The Transparency Files: CAT4 Results Part 1 (of 3)

As committed to “transparency” as I am, I find myself growing more and more ambivalent each year about how to best facilitate an appropriate conversation about why our school engages in standardized testing (which for us, like many independent schools in Canada, is the CAT4), what the results mean (and what they don’t mean), how it impacts the way in which we think about “curriculum” and, ultimately, what the connection is between a student’s individual results and our school’s personalized learning plan for that student.  It is not news that education is a field in which pendulums tend to wildly swing back and forth as new research is brought to light.  We are always living in that moment and it has always been my preference to aim towards pragmatism.  Everything new isn’t always better and, yet, sometimes it is.  Sometimes you know right away and sometimes it takes years.
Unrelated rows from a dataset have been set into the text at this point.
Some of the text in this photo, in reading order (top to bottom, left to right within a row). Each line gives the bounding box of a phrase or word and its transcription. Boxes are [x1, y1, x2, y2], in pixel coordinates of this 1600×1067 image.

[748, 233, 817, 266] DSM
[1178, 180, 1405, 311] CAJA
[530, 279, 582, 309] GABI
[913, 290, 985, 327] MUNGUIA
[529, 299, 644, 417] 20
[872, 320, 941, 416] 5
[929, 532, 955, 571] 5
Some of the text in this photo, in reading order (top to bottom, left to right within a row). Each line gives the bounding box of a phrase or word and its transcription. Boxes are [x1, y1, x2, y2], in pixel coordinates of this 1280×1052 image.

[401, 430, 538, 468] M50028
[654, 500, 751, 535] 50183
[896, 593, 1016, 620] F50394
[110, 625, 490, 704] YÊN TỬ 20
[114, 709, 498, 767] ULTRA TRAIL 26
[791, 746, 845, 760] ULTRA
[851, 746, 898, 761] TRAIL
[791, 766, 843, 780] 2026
I have already taken a blog post that I used to push out in one giant sea of words, and over time broke it into two ,and now three parts, because even I don’t want to read a 3,000 word post.  But, truthfully, it still doesn’t seem enough.  I continue to worry that I have not done a thorough enough job providing background, research and context to justify a public-facing sharing of standardized test scores.  Probably because I haven’t.  [And that’s without factoring in all the COVID gaps that come along with it.]

And yet.

With the forthcoming launch of Annual Grades 9 & 12 Alumni Surveys and the opening of the admissions season for the 2023-2024 school year, it feels fair and appropriate to be as transparent as we can about how well we are (or aren’t) succeeding academically against an external set of benchmarks, even as we are still just freshly coming out facing extraordinary circumstances.  That’s what “transparency” as a value and a verb looks like.  We commit to sharing the data and our analysis regardless of outcome.  We also do it because we know that for the overwhelming majority of our parents, excellence in secular academics is a non-negotiable, and that in a competitive marketplace with both well-regarded public schools and secular private schools, our parents deserve to see the school’s value proposition validated beyond anecdotes.

Now for the annual litany of caveats and preemptive statements…
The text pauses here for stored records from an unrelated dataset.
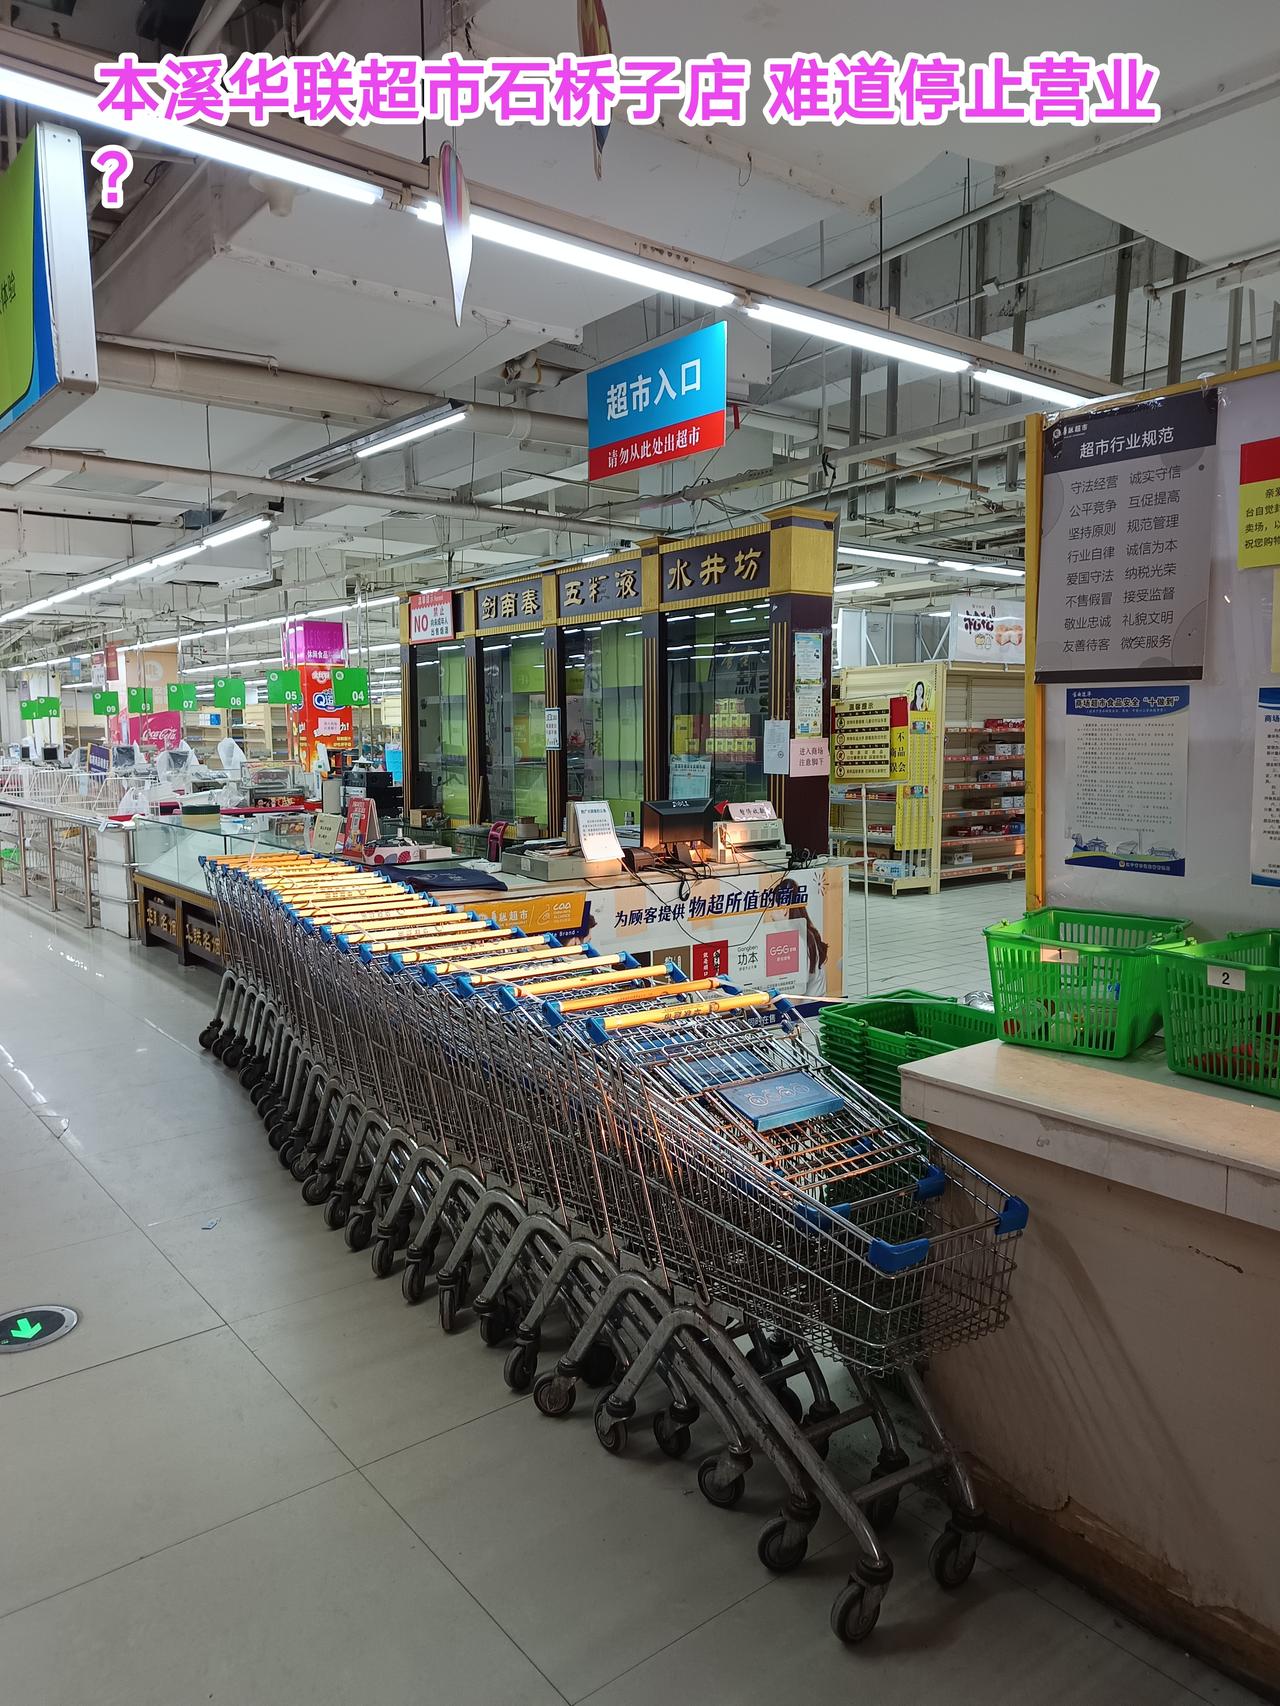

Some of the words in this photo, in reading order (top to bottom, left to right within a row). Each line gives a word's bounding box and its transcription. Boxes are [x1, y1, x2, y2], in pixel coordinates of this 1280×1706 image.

[0, 268, 17, 316] 体验
[606, 358, 701, 421] 超市入口
[607, 426, 701, 468] 请勿从此处出超市
[1079, 426, 1175, 459] 超市行业规范
[1070, 475, 1119, 495] 守法经营
[1129, 465, 1182, 486] 诚实守信
[1069, 499, 1117, 518] 公平竞争
[1128, 489, 1181, 509] 互促提高
[1068, 522, 1116, 541] 坚持原则
[1126, 514, 1180, 534] 规范管理
[1067, 546, 1115, 563] 行业自律
[1126, 538, 1178, 557] 诚信为本
[666, 547, 762, 591] 水井坊
[1066, 569, 1114, 586] 爱国守法
[1124, 563, 1177, 581] 纳税光荣
[481, 588, 541, 621] 剑南春
[1065, 591, 1113, 608] 不售假冒
[1123, 586, 1175, 604] 接受监督
[414, 614, 429, 633] NO
[1064, 615, 1112, 631] 敬业忠诚
[1121, 610, 1174, 627] 礼貌文明
[1063, 638, 1110, 653] 友善待客
[1120, 634, 1172, 650] 微笑服务
[182, 700, 194, 709] 07
[230, 696, 242, 706] 06
[285, 690, 298, 701] 05
[352, 690, 365, 702] 04
[106, 705, 116, 713] 09
[799, 747, 824, 756] 进入商场
[799, 757, 825, 767] 注意脚下
[614, 903, 685, 928] 为顾客提供
[688, 885, 809, 919] 物超所值的商品
[737, 952, 759, 966] 功本
[769, 944, 790, 956] GSG
[1057, 949, 1062, 960] 1
[1222, 972, 1230, 985] 2
We have not yet shared out individual reports to our parents.  First our teachers have to have a chance to review the data to identify which test results fully resemble their children well enough to simply pass on, and which results require contextualization in private conversation.  Those contextualizing conversations will take place in the next few weeks and, thereafter, we should be able to return all results.

There are a few things worth pointing out:

  • Because of COVID, this is now only our fourth year taking this assessment at this time of year.  We were in the process of expanding the range from Grades 3-8 in 2019, but we paused in 2020 and restricted last year’s testing to Grades 5-8.  This means that we can only compare at the grade level from 2019’s Grades 5-8 to 2021’s Grades 5-8 to 2022’s Grades 5-8.
  • And we can only compare at the cohort level from 2019’s Grades 3-5 to 2021’s Grades 5-7 to 2022’s Grades 6-8.
  • This is the first year we have tested Grades 3 & 4 on this exam at this time of year.
  • From this point further, assuming we continue to test in (at least) Grades 3-8 annually, we will soon have tracking data across all grades which will allow us to see if…
    • The same grade scores as well or better each year.
    • The same cohort grows at least a year’s worth of growth.
  • The last issue is in the proper understanding of what a “grade equivalent score” really is.
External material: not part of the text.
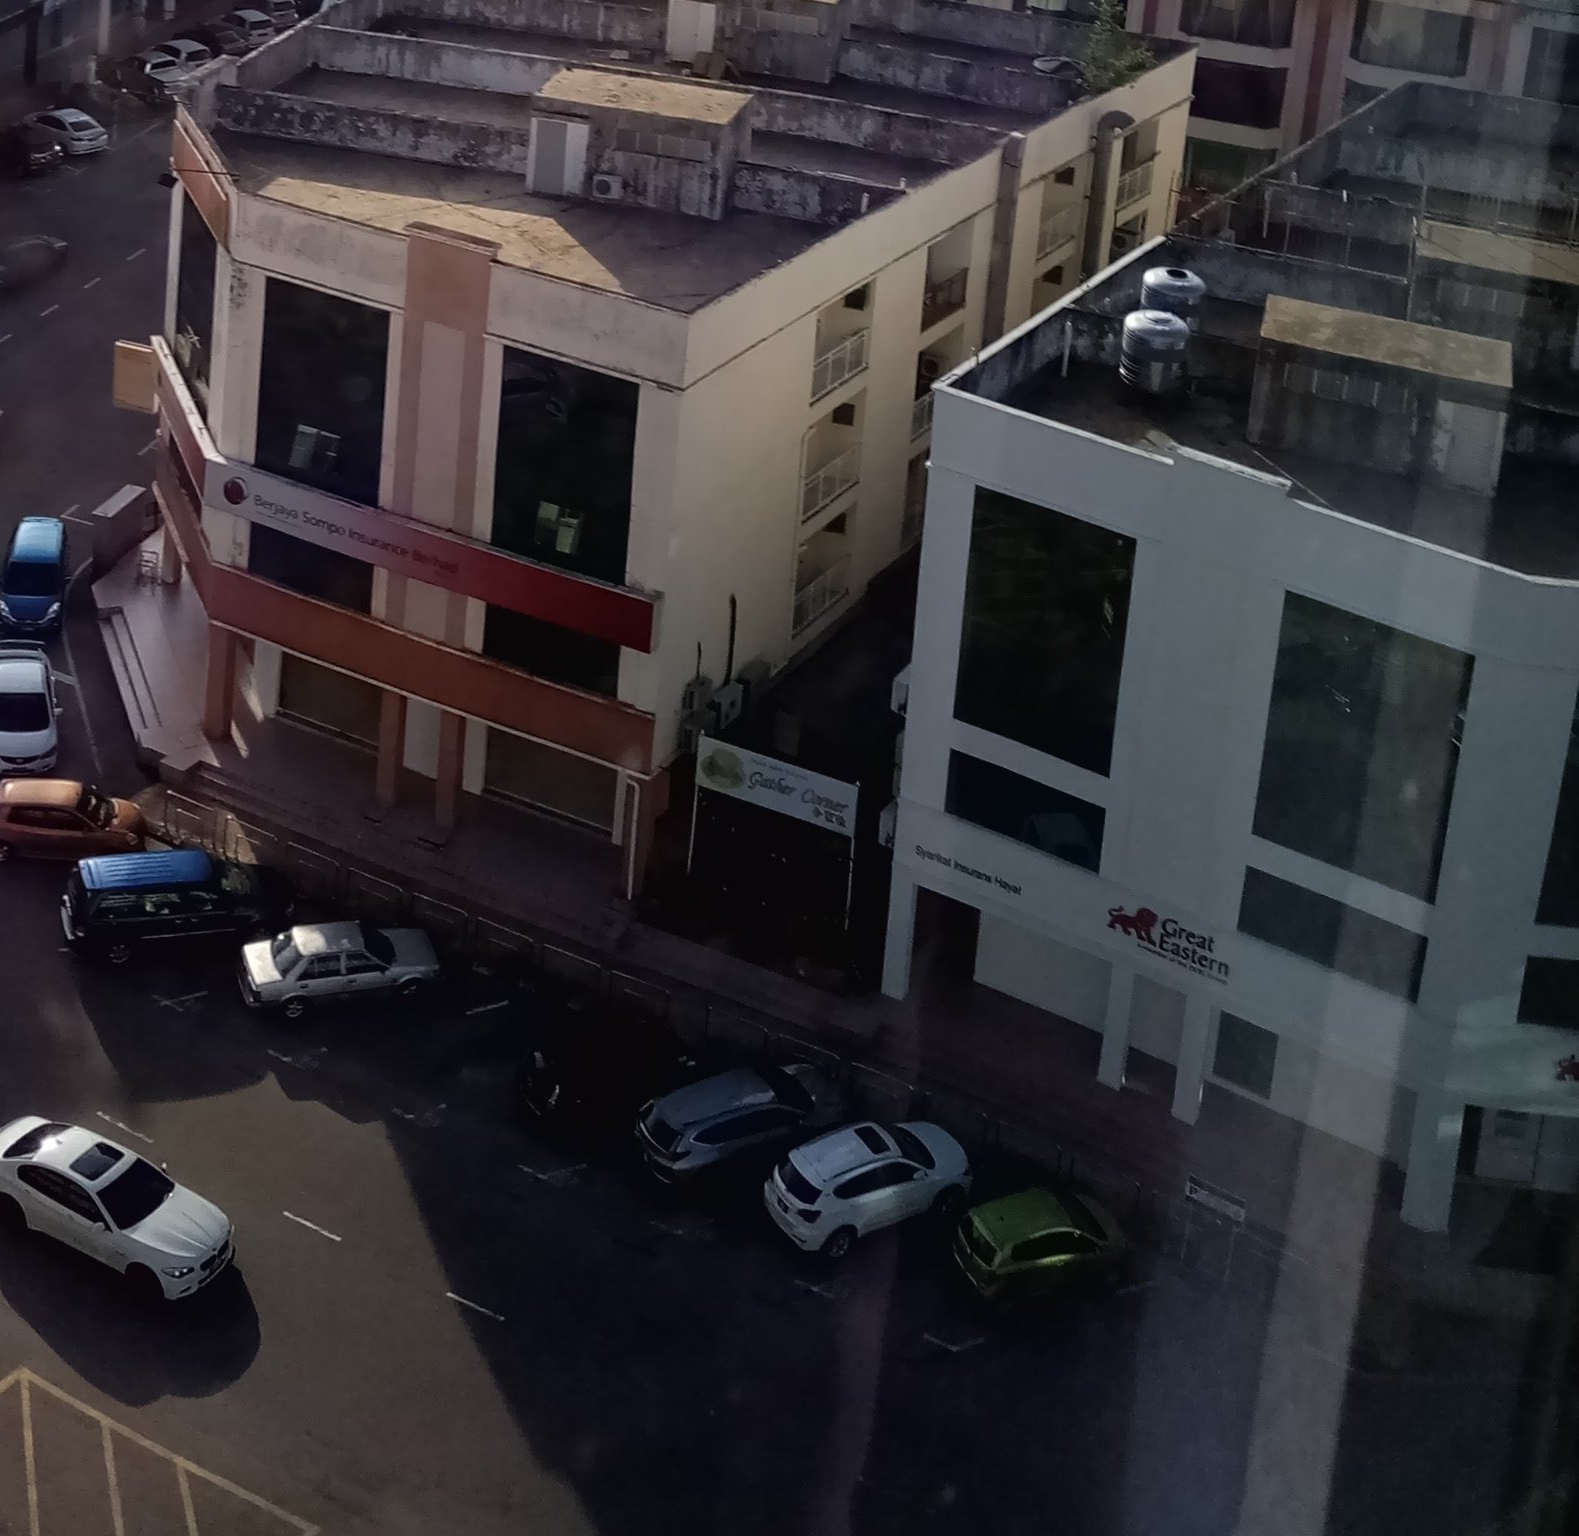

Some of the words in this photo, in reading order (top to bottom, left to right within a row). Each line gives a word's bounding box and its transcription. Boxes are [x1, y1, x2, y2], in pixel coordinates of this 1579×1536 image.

Grade-equivalent scores attempt to show at what grade level and month your child is functioning.  However, grade-equivalent scores are not able to show this.  Let me use an example to illustrate this.  In reading comprehension, your son in Grade 5 scored a 7.3 grade equivalent on his Grade 5 test. The 7 represents the grade level while the 3 represents the month. 7.3 would represent the seventh grade, third month, which is December.  The reason it is the third month is because September is zero, October is one, etc.  It is not true though that your son is functioning at the seventh grade level since he was never tested on seventh grade material.  He was only tested on fifth grade material.  He performed like a seventh grader on fifth grade material.  That’s why the grade-equivalent scores should not be used to decide at what grade level a student is functioning.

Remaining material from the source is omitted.